Click to viewWe just got the scoop from Microsoft on Windows Mobile 7 and Windows Mobile 8, the two upcoming platforms that will fix what is undeniably broken about the Windows Mobile platform to date.
This was originally going to be a piece about how Microsoft had no idea what the consumer wanted, where I would explain what I thought Microsoft needed to do to fix it. Oh, I still discuss the flaws, but while talking to the Windows Mobile team, I learned about the next two versions of the mobile OS. Turns out, Microsoft knows exactly what's wrong with the WM platform, and it knows what to do to fix it. Trust me: there's hope on the horizon.

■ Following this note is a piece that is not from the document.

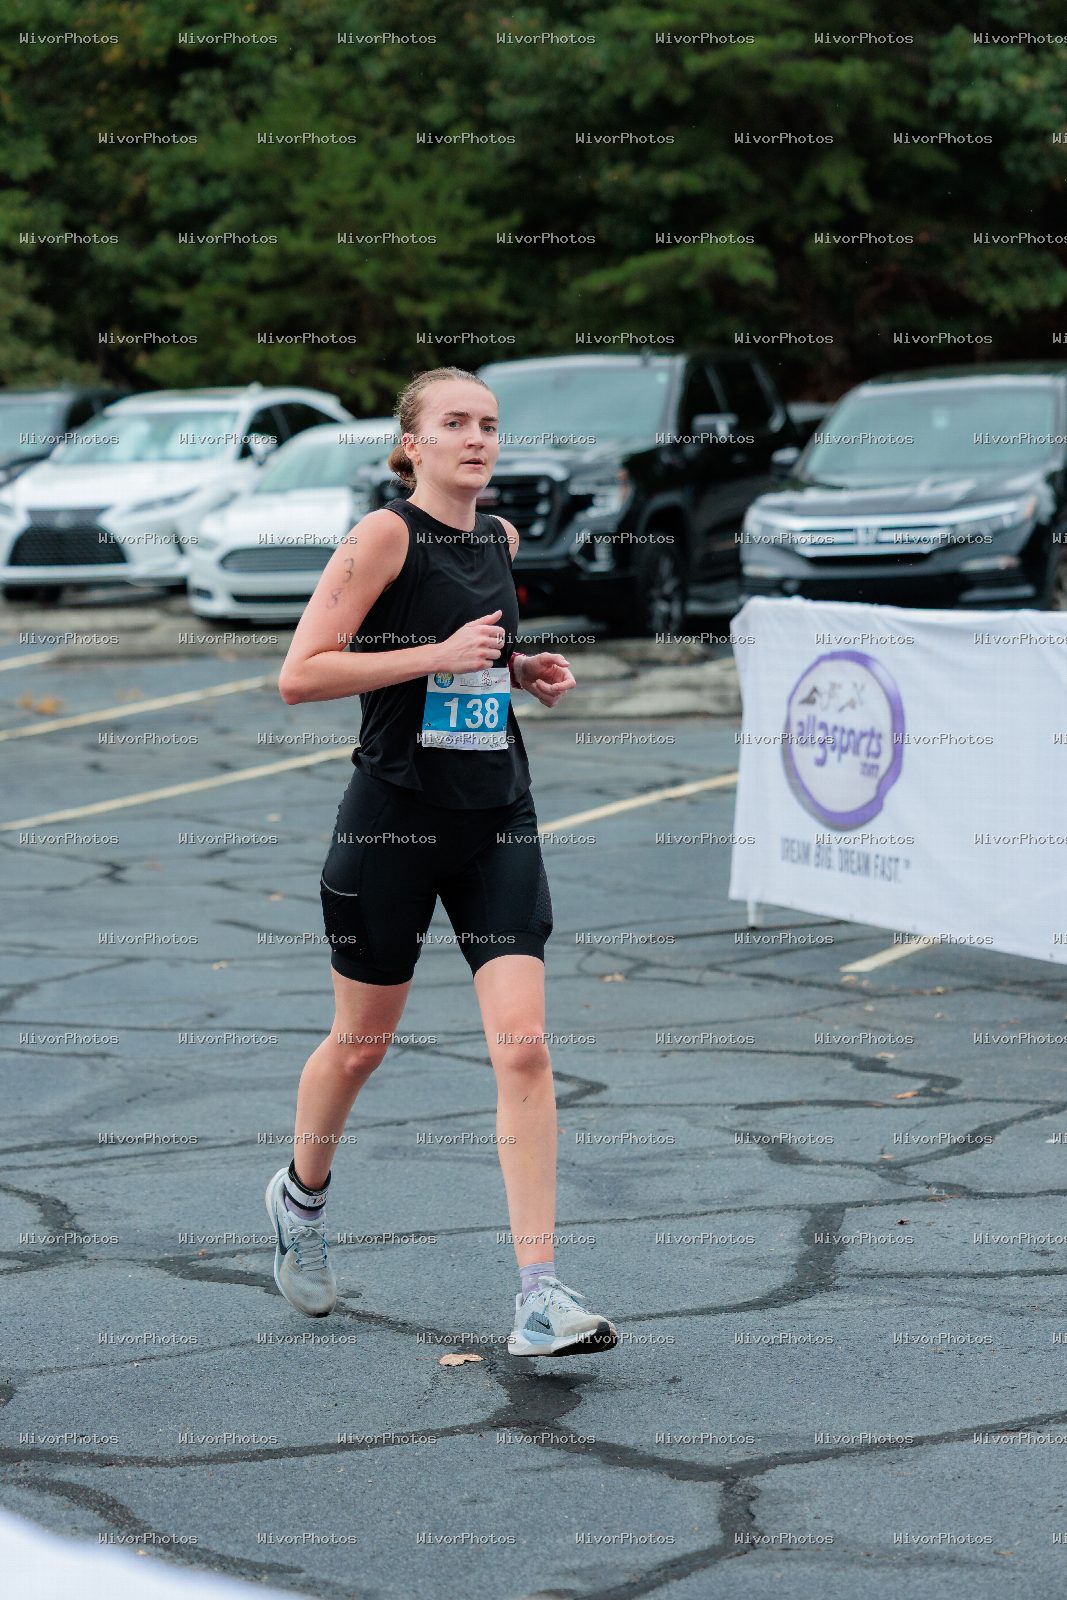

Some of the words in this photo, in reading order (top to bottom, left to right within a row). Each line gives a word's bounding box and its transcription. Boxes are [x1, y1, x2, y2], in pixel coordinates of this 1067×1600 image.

Before I get to the big Windows Mobile fix, it's important to see where it is now. Take a look above at the Windows Mobile Professional (the touchscreen version) and Windows Mobile Standard (the non-touchscreen, usually slimmer version). Got a good look?
The number one biggest problem with Windows Mobile is its UI.
I have no problems with Windows itself, and I work on a Vista PC (along with a Leopard Mac) every single day. WM's problem is that it isn't Windows. Here are a few of the unnecessarily complicated attributes that Windows Mobile doesn't share with desktop Windows:
• It's very hard to multitask. Multitasking is there, and you can run multiple programs at the same time, but everything is "full screen" and there's no easy way to switch between apps. There's no task bar to see what apps are open, and there's no indicator to the user that anything else is open. You actually have to dig into the Start menu, then Settings, then the System tab, then Memory, then the Running Programs tab just to see what's going on! Microsoft fixed this by inserting a dropdown task manager in more recent builds of Windows Mobile 6, but you still can't jump from app to app with ease. Which leads us to...
• Closing a program doesn't really close it. You'd think that pressing the "X" button on an app closes it, but all it does is minimize it. You have to dive into the menus to terminate a program or, on a newer build, go back to the Home/Today screen and close via the top-right icon. Not exactly what we call convenient.
• Different builds work differently. We can see why there are two major versions of Windows Mobile for phones—Professional and Smartphone—since different form factors require different UI philosophies for input. But when you compare the Tablet PC version of Windows with the standard desktop version, there isn't that huge of a difference. If you know how to use one, you should know how to use the other. Not quite so when you switch from the stylus input of Windows Mobile Pro to the D-Pad of Windows Mobile Smartphone. This isn't noticed by the masses, since most people only use one Windows Mobile device, but it is a telling concern. Plus, getting around with that D-Pad sucks.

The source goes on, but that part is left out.